ISLAMABAD: The Islam­abad High Court (IHC) on Friday issued notices to relevant authorities on a petition filed aga­inst the trial of Pakistan Tehreek-i-Insaf (PTI) chairman Imran Khan in cipher case at Attock jail.

IHC Chief Justice Aamer Farooq on the petition issued notices to the secretaries of law and interior, FIA director general, the Islamabad chief commissioner, deputy commissioner and inspector general of police and the Adiala and Attock jail superintendents.

The petition challenged the law ministry’s notification allowing the trial of the PTI chief at the Attock jail.

The law ministry last month designated Anti-Terrorism Court (ATC) judge Abual Hasnat Zulqarnain as the judge of the Special Court to try suspects under the Official Secrets Act.

The petition said that the special court judge lacked the essential qualification needed for the role, citing the qualification of an ATC judge had been defined under Section 13(2) of the Anti-Terrorism Act, 1997.

ATC dismisses Qureshi’s bail application

“Therefore, reducing the rank and status of learned administrative judge of the ATC, Islam­abad, to the status of a magistrate is a mockery of the law and void-ab-initio,” it said.

It went on to state that an ATC judge was defined under Sections 13 (establishment of ATC) and 14 (composition and appointment of presiding officers of ATCs) of the ATA, according to which, the presiding judge of an ATC, “under no stretch of imagination, could be a magistrate”.

The petition further said that the appointment was contrary to the law and “void-ab-initio” as the special court judge was not a magistrate under section 4(m-a) of the CrPC, which defines a magistrate.

Giving details of the grounds against moving of the special court to the Attock jail, the plea said the production order issued by the judge was a “judicial order, which has neither been recalled nor reviewed” by the court concerned.

It added that the respo­n­dents were not vested with any such powers under Section 9(2) (court of session) of the CrPC. Citing the “security concerns” co­n­veyed by the interior ministry, the petition arg­ued that the “respondents never considered allowing Mr Khan to appear before any Islamabad court via the video link when he himself expressed similar concerns”.

“The claim in the name of security is farce, false and misguiding,” it said, while terming the notification bereft of reasoning and logic.

The petition further said that the cipher case was at its pre-trial stage, at which the venue of the trial could not be changed.
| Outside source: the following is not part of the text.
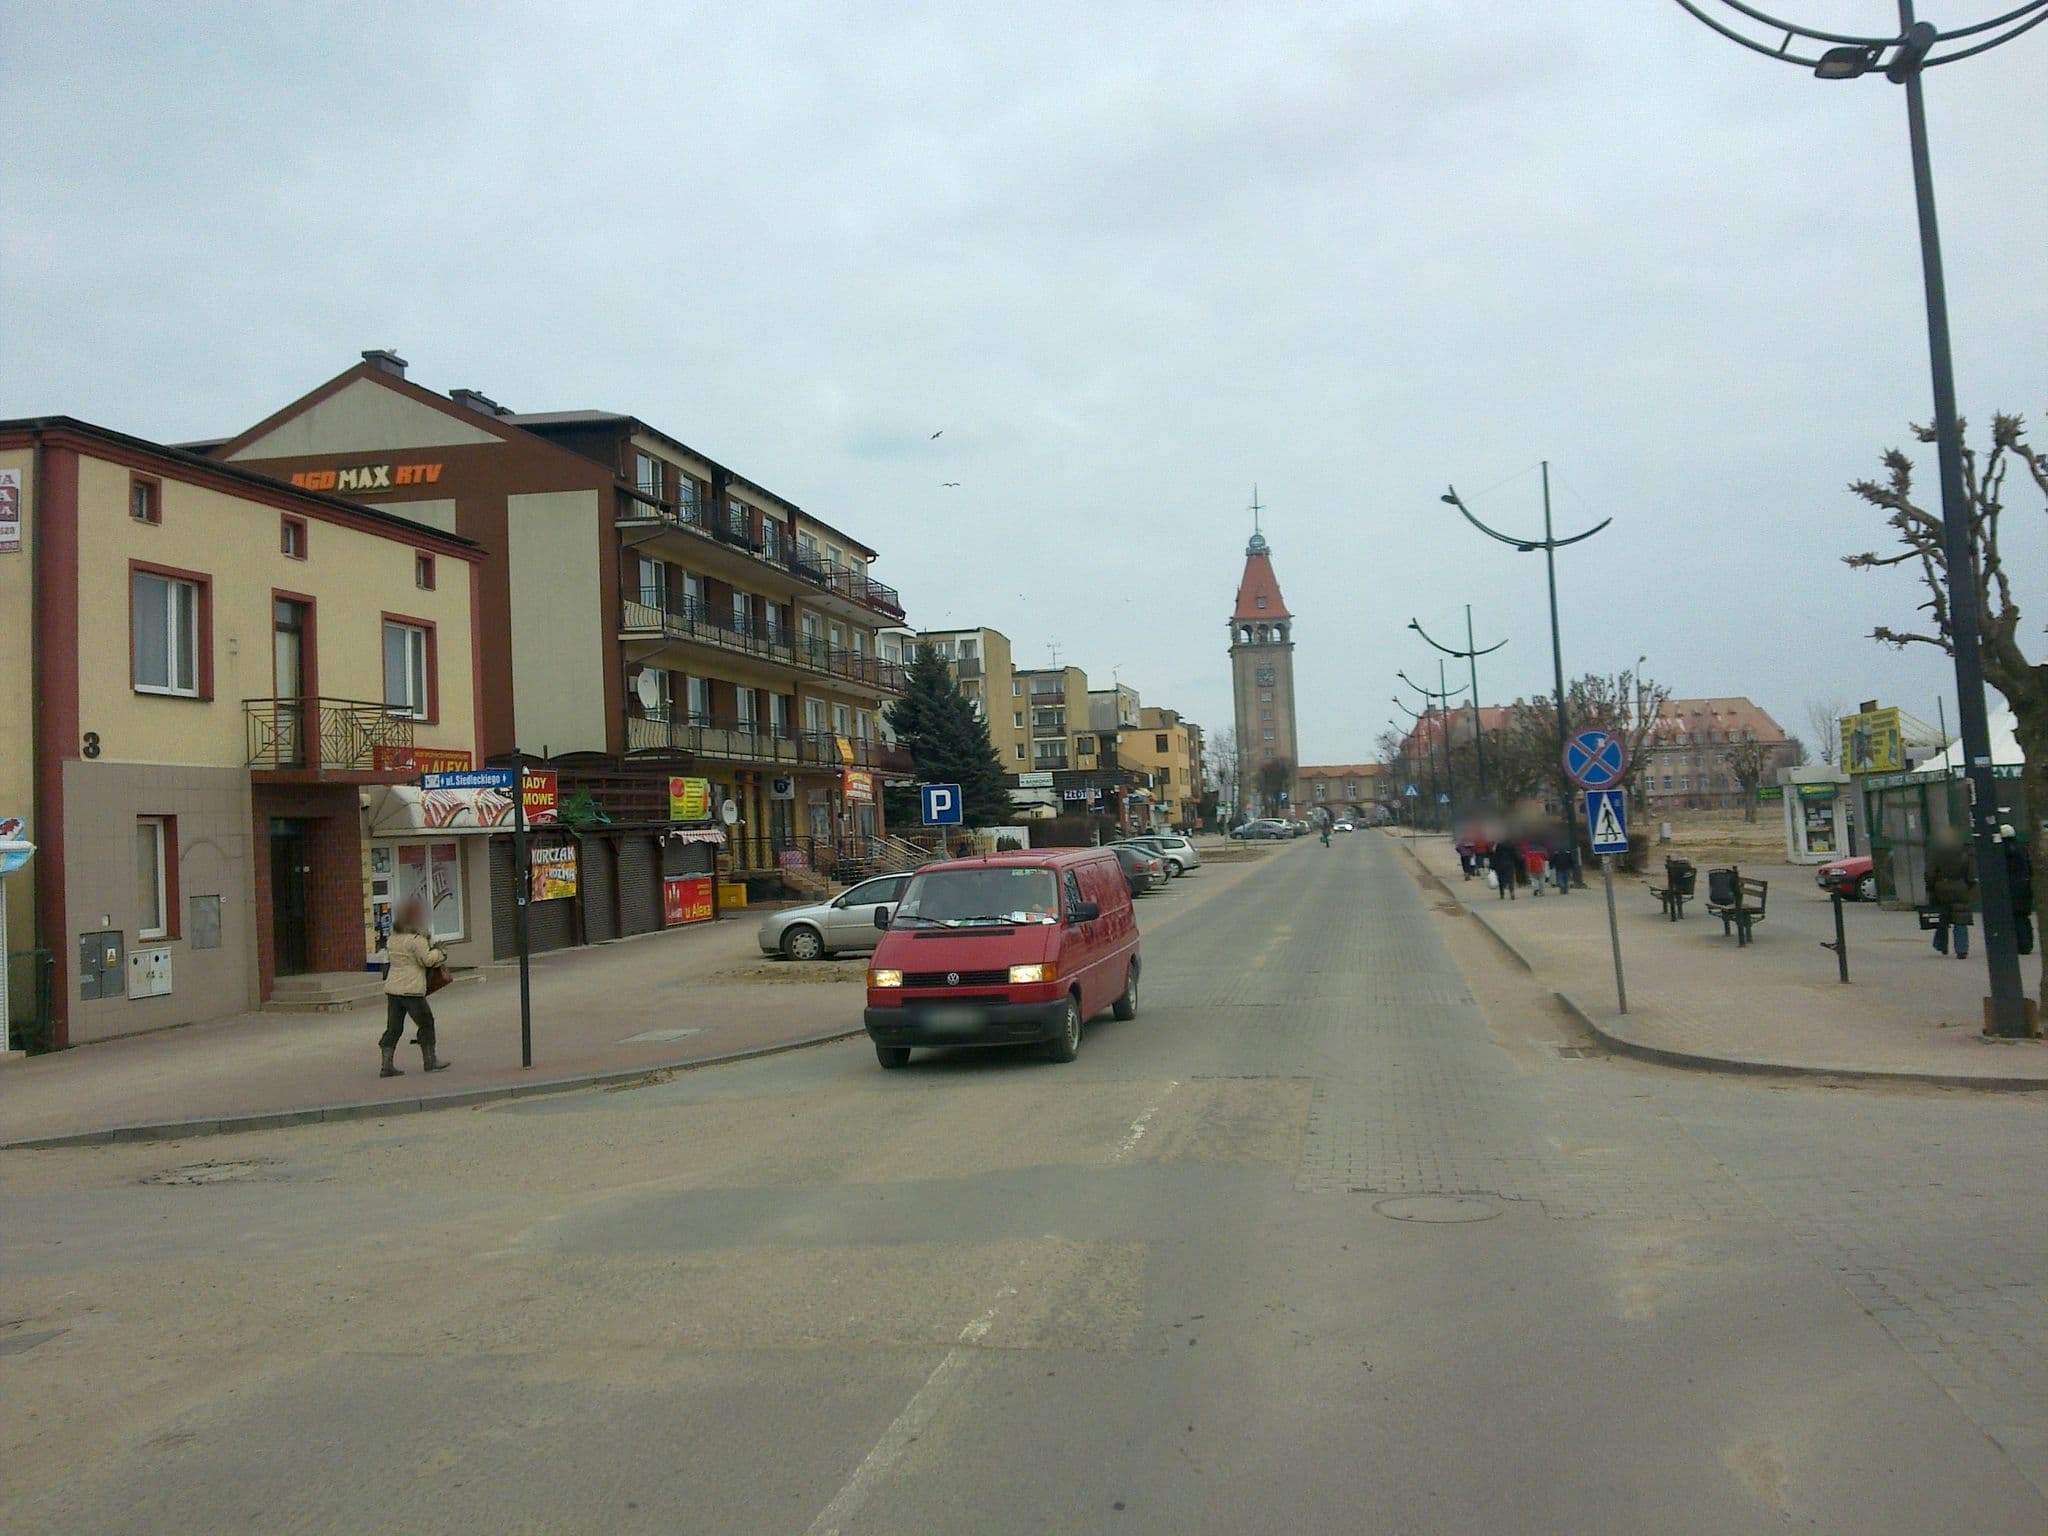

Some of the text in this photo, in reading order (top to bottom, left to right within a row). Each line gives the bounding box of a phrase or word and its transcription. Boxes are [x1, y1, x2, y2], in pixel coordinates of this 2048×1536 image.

It added that the law ministry had no authority to extend its jurisdiction to Punjab and determine a venue that does not lie within the federal government’s administrative control.

Qureshi’s plea dismissed

Also on Friday, an anti-terrorism court dismissed PTI leader Shah Mehmood Qureshi’s application for pre-arrest bail in two cases.
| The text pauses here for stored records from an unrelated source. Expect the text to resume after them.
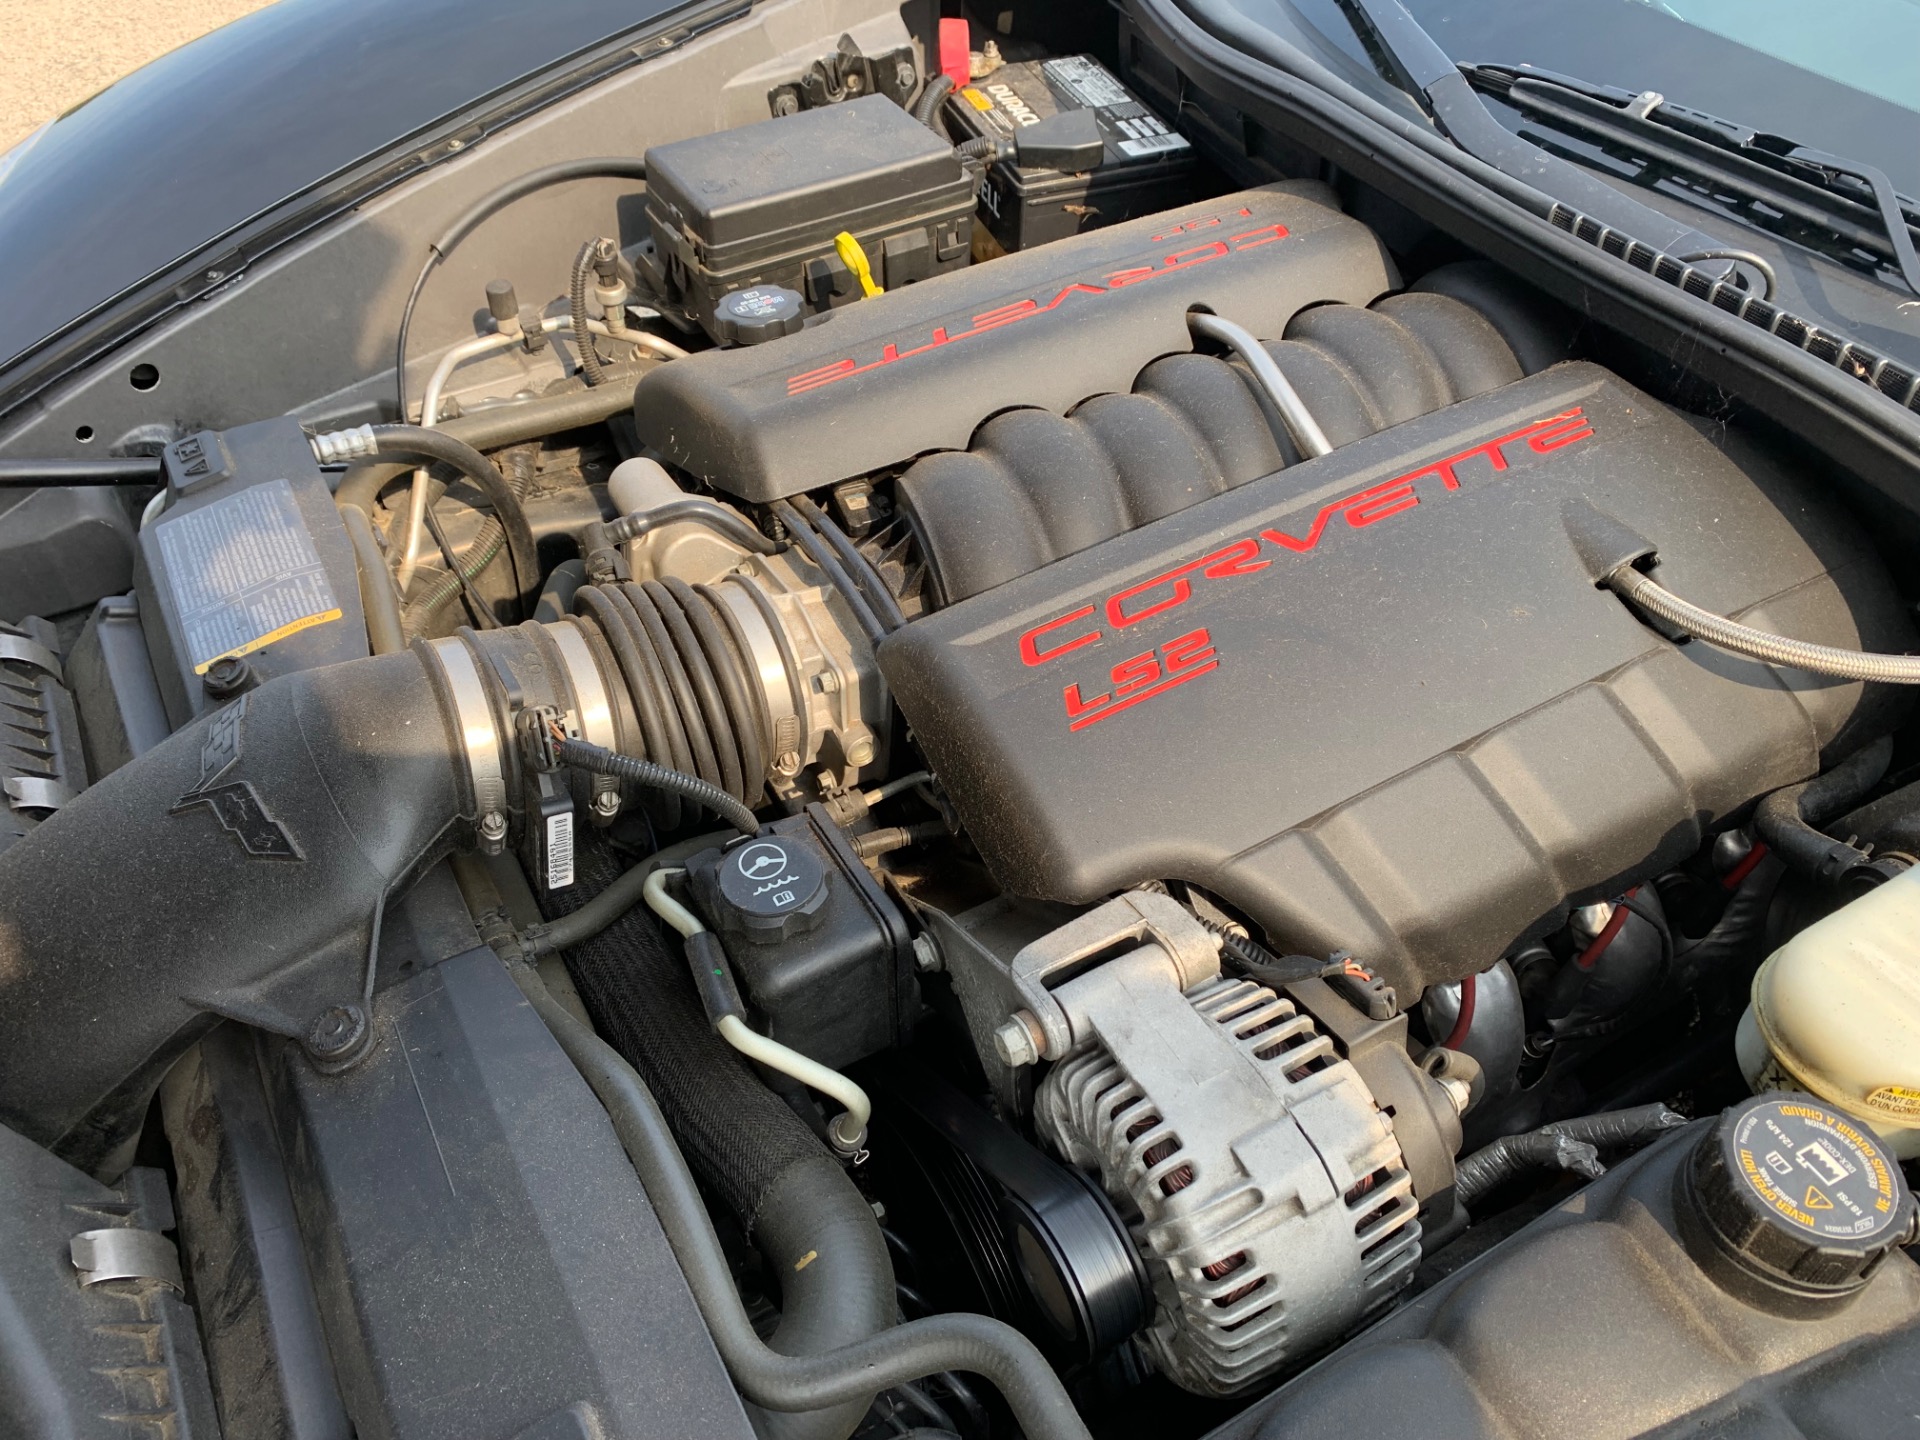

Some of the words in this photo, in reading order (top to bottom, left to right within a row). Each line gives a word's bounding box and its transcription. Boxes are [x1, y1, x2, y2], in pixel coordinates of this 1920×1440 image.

[977, 178, 1000, 219] ELL
[787, 224, 1290, 396] CORVETTE
[1019, 406, 1595, 666] CORVETTE
[1063, 628, 1217, 717] LS2
[1870, 1098, 1892, 1110] D'UN
[1874, 1091, 1905, 1104] AVANT
[1905, 1098, 1919, 1107] DE
[1778, 1105, 1824, 1121] CHAUD!
[1765, 1119, 1781, 1135] kPa
[1778, 1133, 1795, 1149] 124
[1836, 1121, 1876, 1157] OUVRIR
[1740, 1148, 1758, 1173] HOT!
[1750, 1174, 1778, 1201] OPEN
[1758, 1167, 1775, 1187] TANK
[1871, 1158, 1892, 1198] JAMAIS
[1772, 1185, 1798, 1208] SURGE
[1836, 1191, 1853, 1207] PSI
[1875, 1196, 1891, 1213] NE
[1775, 1199, 1816, 1227] NEVER
[1850, 1204, 1863, 1216] 18
After hearing arguments from both sides, Judge Zulqarnain dismissed the interim bail plea in two cases registered against him at the Kahna police station over a no-show.

The counsel for Mr Qureshi had filed two different pleas seeking a day exemption from court appearance and a summon notice for his client as currently he is in jail in a cipher case. He also moved the court to extend Mr Qureshi’s interim bail.
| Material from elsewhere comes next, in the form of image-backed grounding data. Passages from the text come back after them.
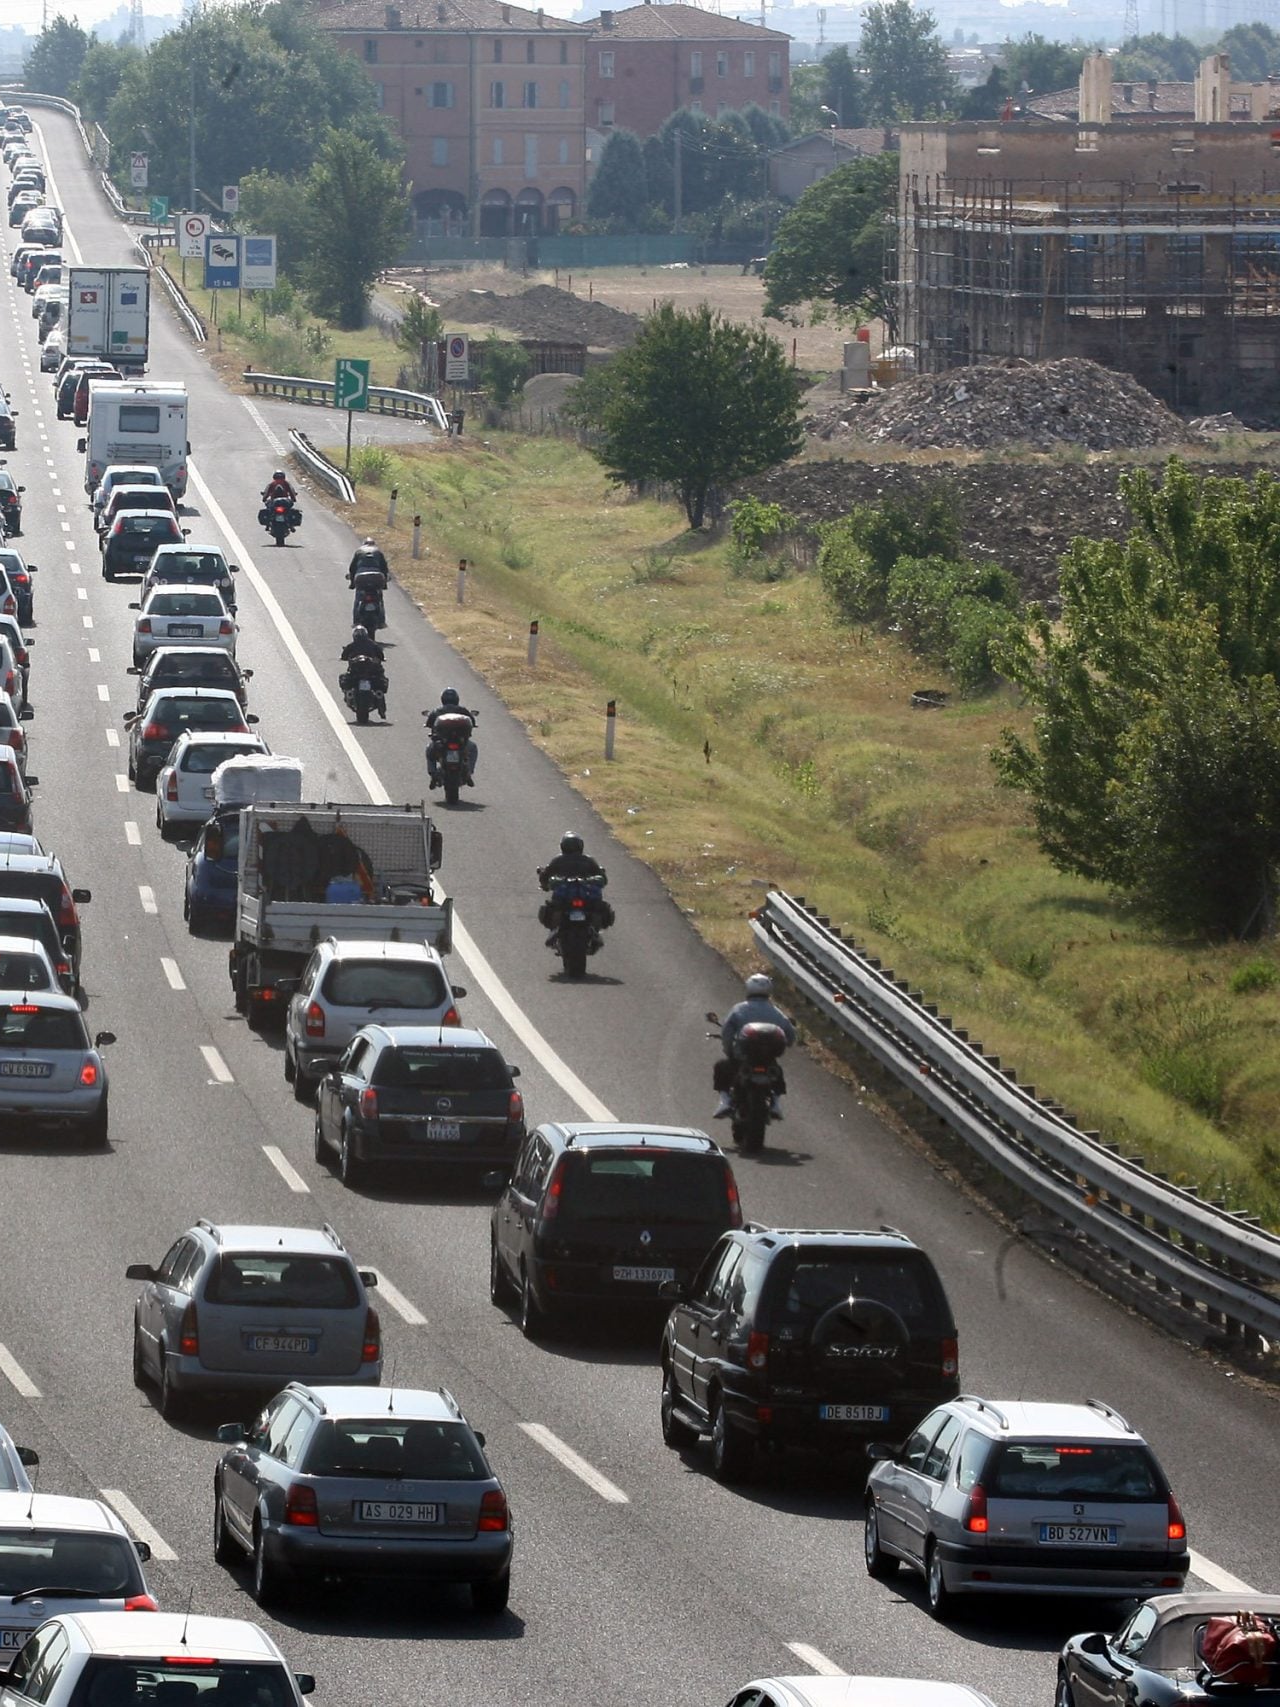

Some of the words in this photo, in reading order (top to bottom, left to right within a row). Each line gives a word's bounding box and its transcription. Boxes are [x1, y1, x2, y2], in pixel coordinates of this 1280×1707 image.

[255, 1338, 269, 1349] CF
[827, 1344, 899, 1357] Safari
[827, 1407, 841, 1418] DE
[846, 1407, 882, 1419] 851BJ
[366, 1505, 381, 1517] AS
[389, 1505, 413, 1519] 029
[418, 1507, 434, 1520] HH
[1048, 1526, 1064, 1540] BD
[1069, 1527, 1109, 1541] 527VN
[3, 1632, 19, 1646] CK
He said if his client was intentionally absent, only then the bail plea could be dismissed. However, the prosecutor said the Supreme Court has made the presence of the accused for bail before arrest mandatory.

The court rejected Mr Qureshi’s interim bail plea and also dismissed pleas seeking exemption and summon. It said that the law requires the presence of the accused for bail before arrest.

The former minister is currently in Adiala jail on a judicial remand in the missing cipher case registered under the Official Secrets Act, 1923.